Exercise —
Please copy all of the data that follows exactly, leaving any pictures out.

[Provided records Boundary: Start]

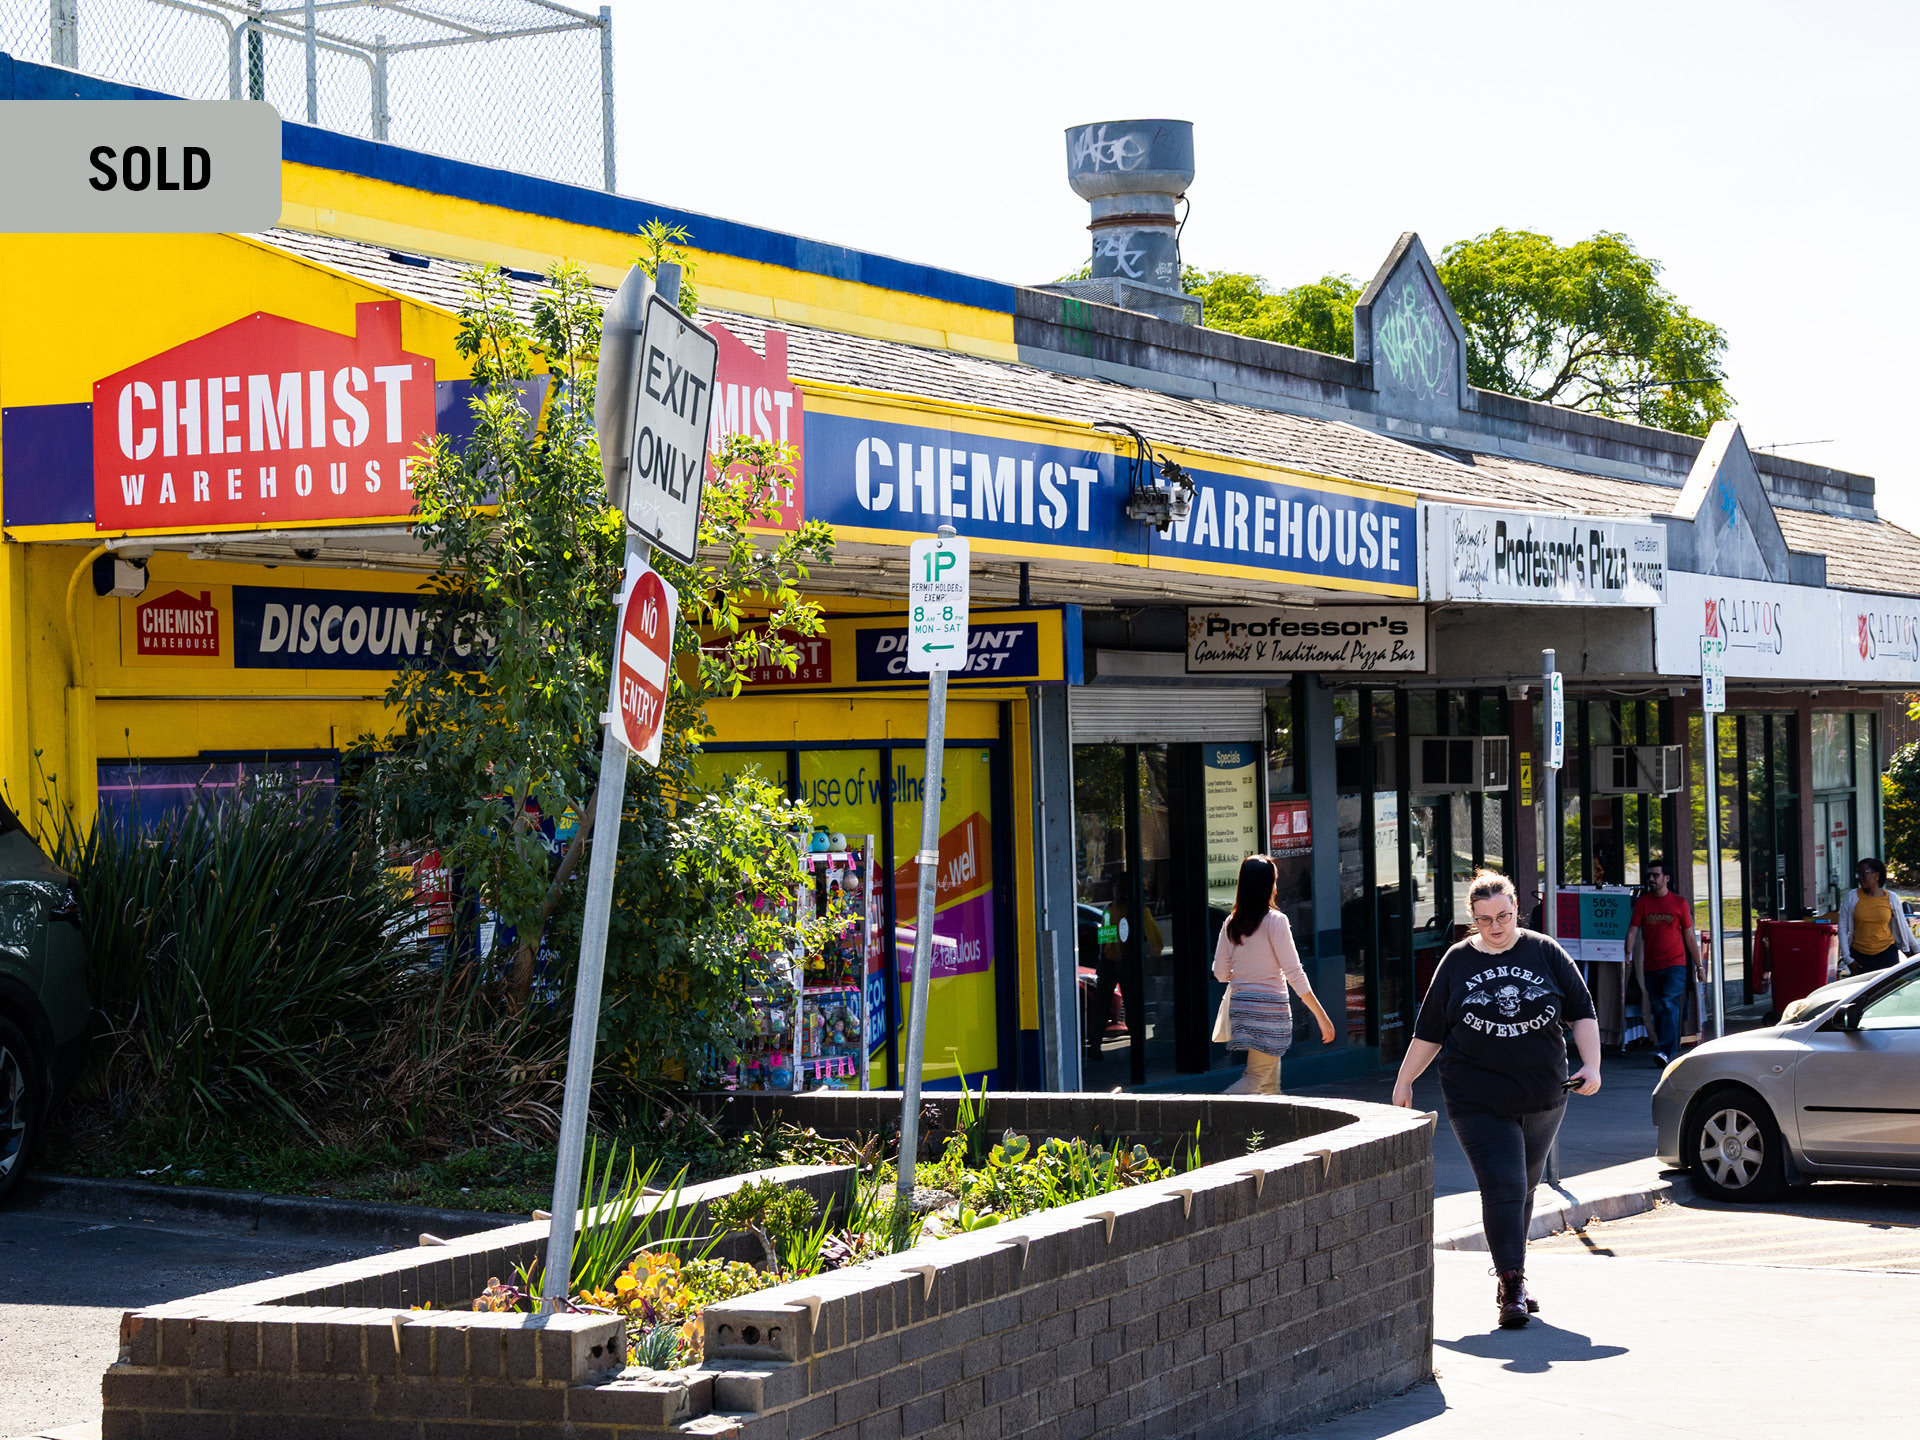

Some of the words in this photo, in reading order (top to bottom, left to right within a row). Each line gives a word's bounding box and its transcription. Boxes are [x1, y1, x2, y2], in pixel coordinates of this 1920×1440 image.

[645, 343, 707, 426] EXIT
[117, 364, 413, 461] CHEMIST
[710, 381, 794, 463] MIST
[121, 459, 414, 507] WAREHOUSE
[637, 425, 697, 505] ONLY
[855, 437, 1098, 532] CHEMIST
[923, 551, 957, 582] 1P
[1495, 520, 1585, 588] Professor's
[1589, 530, 1628, 589] Pizza
[911, 583, 934, 592] PERMIT
[935, 583, 963, 592] HOLDERS
[924, 593, 948, 602] EXEMP
[142, 607, 214, 635] CHEMIST
[259, 603, 443, 655] DISCOUNT
[641, 599, 658, 639] NO
[915, 625, 934, 634] MON
[944, 624, 961, 633] SAT
[1206, 616, 1409, 637] Professor's
[1718, 597, 1783, 655] SALVOS
[143, 637, 215, 649] WAREHOUSE
[1194, 640, 1252, 665] Gourmet
[1270, 640, 1350, 662] Traditional
[1350, 640, 1387, 670] Pizza
[1389, 640, 1416, 662] Bar
[1868, 612, 1919, 663] SALVOS
[623, 677, 657, 729] ENTRY
[1216, 750, 1241, 767] Specials
[846, 767, 866, 807] of
[949, 822, 976, 887] well
[1593, 898, 1618, 909] 50%
[1594, 909, 1617, 918] OFF
[1561, 922, 1576, 934] $2
[1465, 966, 1545, 991] AVENGED
[1463, 1005, 1556, 1037] SEVENFOLD
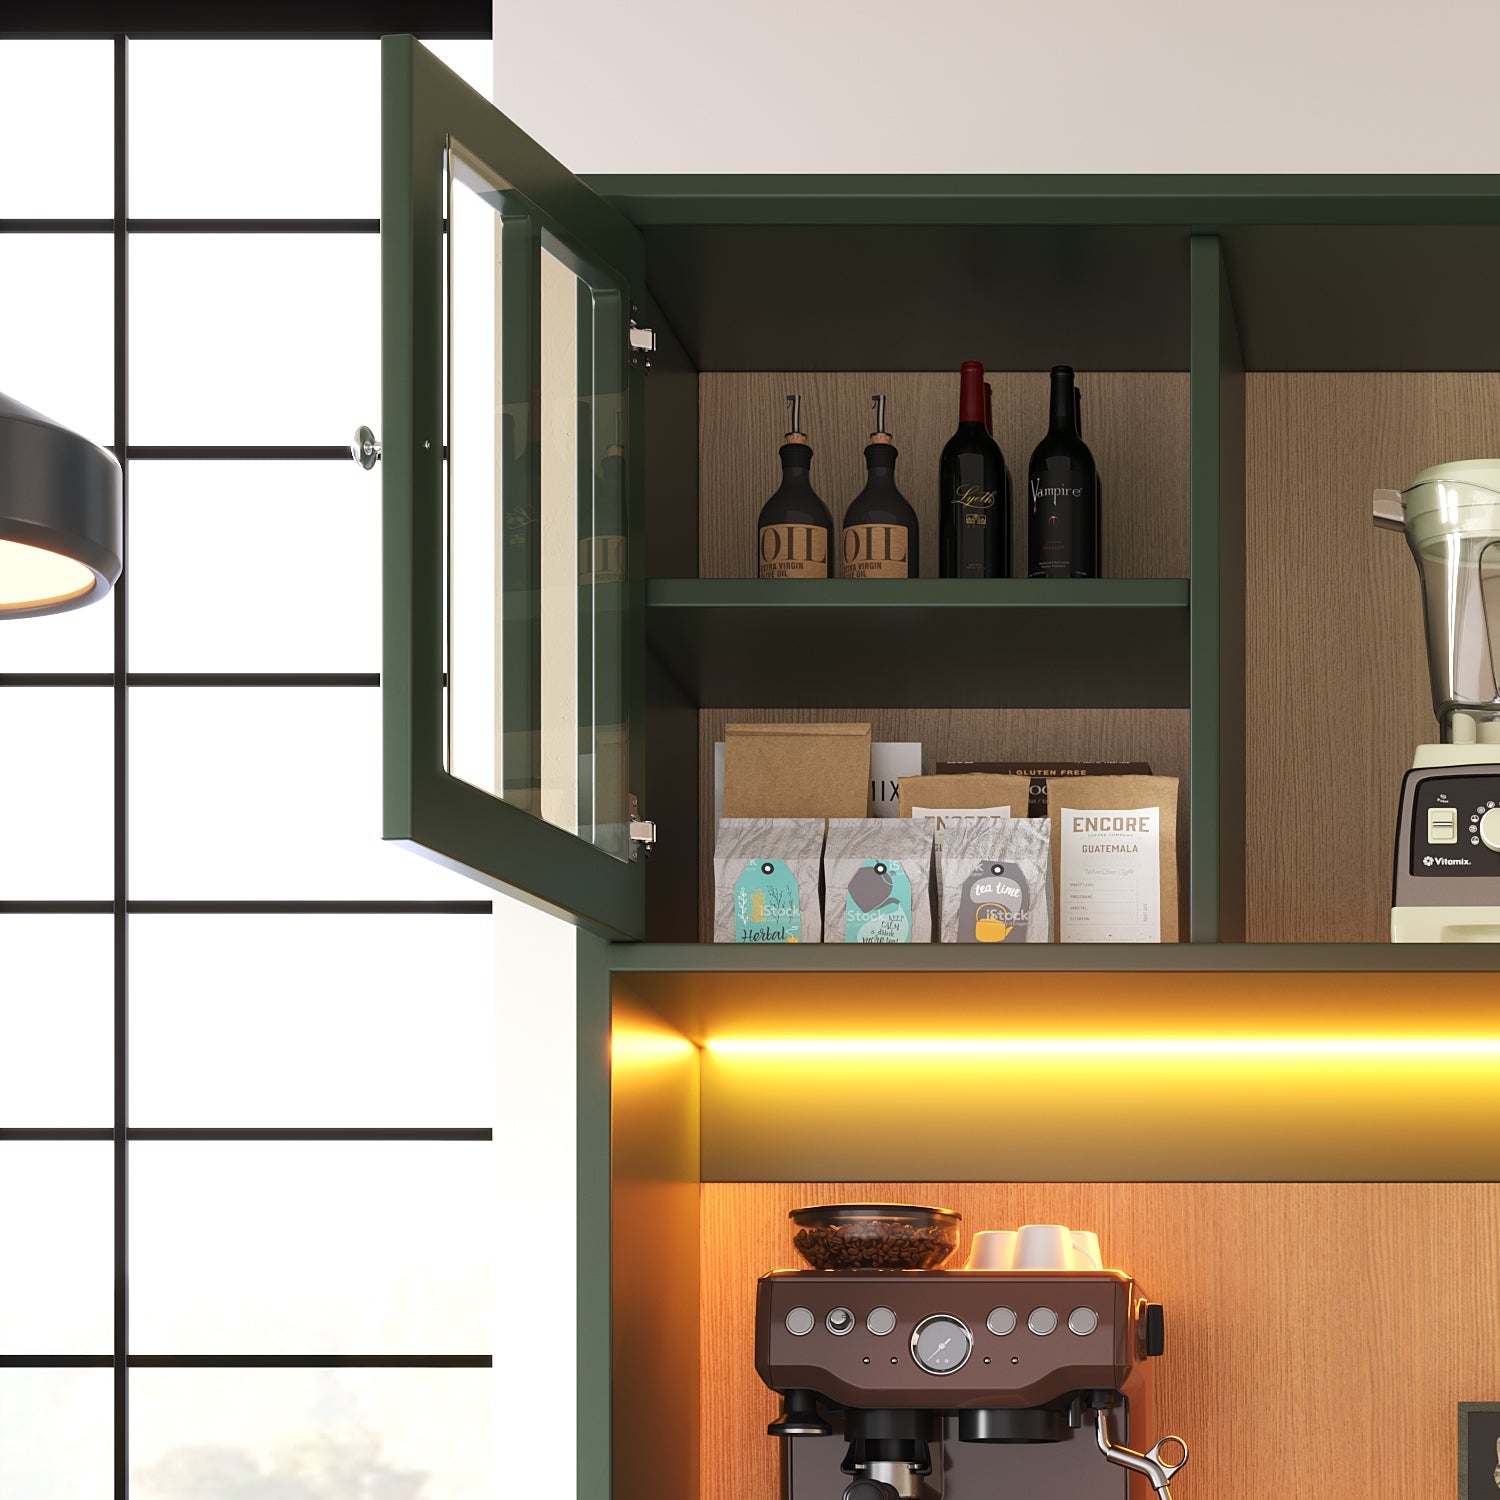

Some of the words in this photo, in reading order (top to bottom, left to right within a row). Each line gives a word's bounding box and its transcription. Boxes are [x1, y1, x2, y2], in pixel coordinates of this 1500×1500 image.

[1031, 478, 1080, 507] Vampire
[761, 526, 827, 564] OIL
[844, 526, 907, 564] OIL
[777, 569, 788, 577] OIL
[778, 562, 804, 570] VIRGIN
[858, 562, 882, 570] VIRGIN
[1073, 817, 1150, 832] ENCORE
[1082, 845, 1138, 853] GUATEMALA
[1434, 857, 1469, 865] Vitamix
[975, 883, 993, 896] tea
[996, 882, 1021, 898] time
[986, 908, 1028, 921] iStock
[741, 926, 785, 942] Herbal
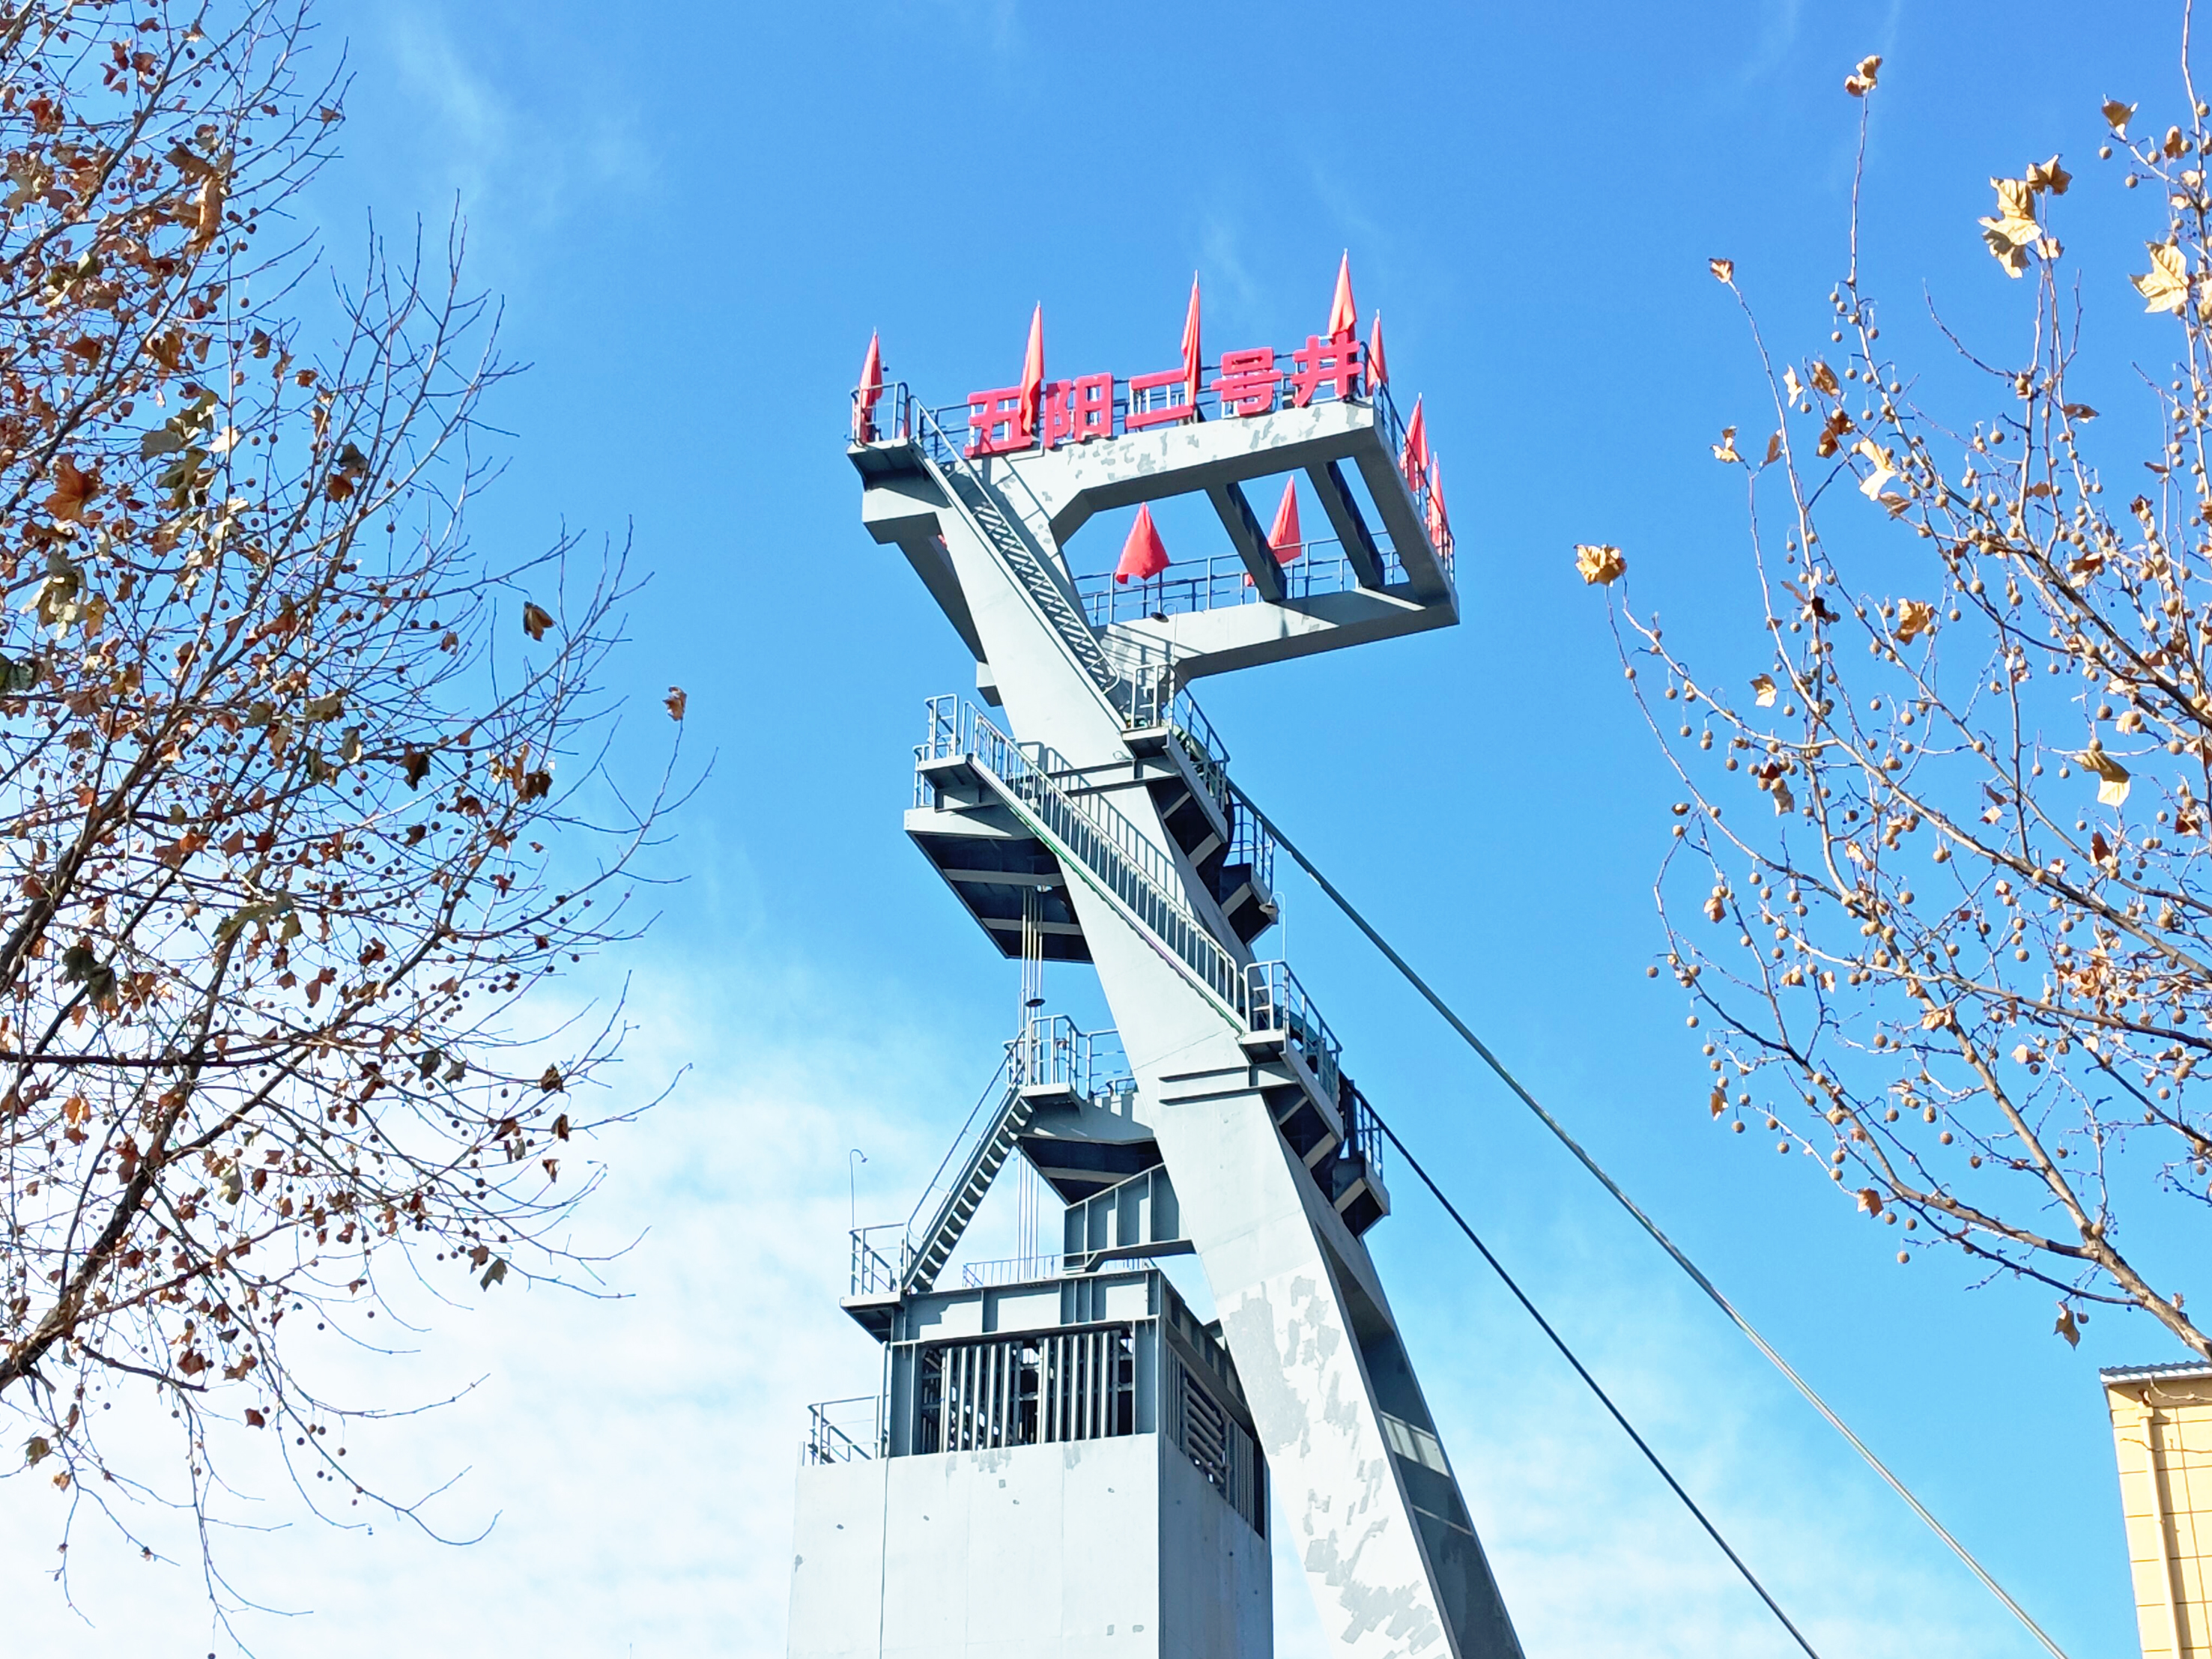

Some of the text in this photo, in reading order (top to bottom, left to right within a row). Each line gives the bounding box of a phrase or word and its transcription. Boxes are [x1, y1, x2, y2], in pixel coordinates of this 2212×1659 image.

[Provided records Boundary: End]

Expected output —
Some of the words in this photo, in reading order (top to bottom, left to right within a row). Each line gives a word's bounding box and its transcription. Boxes are [x1, y1, x2, y2], in pixel coordinates of this 1920×1440 image.

[645, 343, 707, 426] EXIT
[117, 364, 413, 461] CHEMIST
[710, 381, 794, 463] MIST
[121, 459, 414, 507] WAREHOUSE
[637, 425, 697, 505] ONLY
[855, 437, 1098, 532] CHEMIST
[923, 551, 957, 582] 1P
[1495, 520, 1585, 588] Professor's
[1589, 530, 1628, 589] Pizza
[911, 583, 934, 592] PERMIT
[935, 583, 963, 592] HOLDERS
[924, 593, 948, 602] EXEMP
[142, 607, 214, 635] CHEMIST
[259, 603, 443, 655] DISCOUNT
[641, 599, 658, 639] NO
[915, 625, 934, 634] MON
[944, 624, 961, 633] SAT
[1206, 616, 1409, 637] Professor's
[1718, 597, 1783, 655] SALVOS
[143, 637, 215, 649] WAREHOUSE
[1194, 640, 1252, 665] Gourmet
[1270, 640, 1350, 662] Traditional
[1350, 640, 1387, 670] Pizza
[1389, 640, 1416, 662] Bar
[1868, 612, 1919, 663] SALVOS
[623, 677, 657, 729] ENTRY
[1216, 750, 1241, 767] Specials
[846, 767, 866, 807] of
[949, 822, 976, 887] well
[1593, 898, 1618, 909] 50%
[1594, 909, 1617, 918] OFF
[1561, 922, 1576, 934] $2
[1465, 966, 1545, 991] AVENGED
[1463, 1005, 1556, 1037] SEVENFOLD

Some of the words in this photo, in reading order (top to bottom, left to right within a row). Each line gives a word's bounding box and its transcription. Boxes are [x1, y1, x2, y2], in pixel coordinates of this 1500×1500 image.

[1031, 478, 1080, 507] Vampire
[761, 526, 827, 564] OIL
[844, 526, 907, 564] OIL
[777, 569, 788, 577] OIL
[778, 562, 804, 570] VIRGIN
[858, 562, 882, 570] VIRGIN
[1073, 817, 1150, 832] ENCORE
[1082, 845, 1138, 853] GUATEMALA
[1434, 857, 1469, 865] Vitamix
[975, 883, 993, 896] tea
[996, 882, 1021, 898] time
[986, 908, 1028, 921] iStock
[741, 926, 785, 942] Herbal

Some of the text in this photo, in reading order (top to bottom, left to right within a row). Each line gives the bounding box of a phrase or word and its transcription. Boxes are [x1, y1, x2, y2], in pixel coordinates of this 2212×1659 image.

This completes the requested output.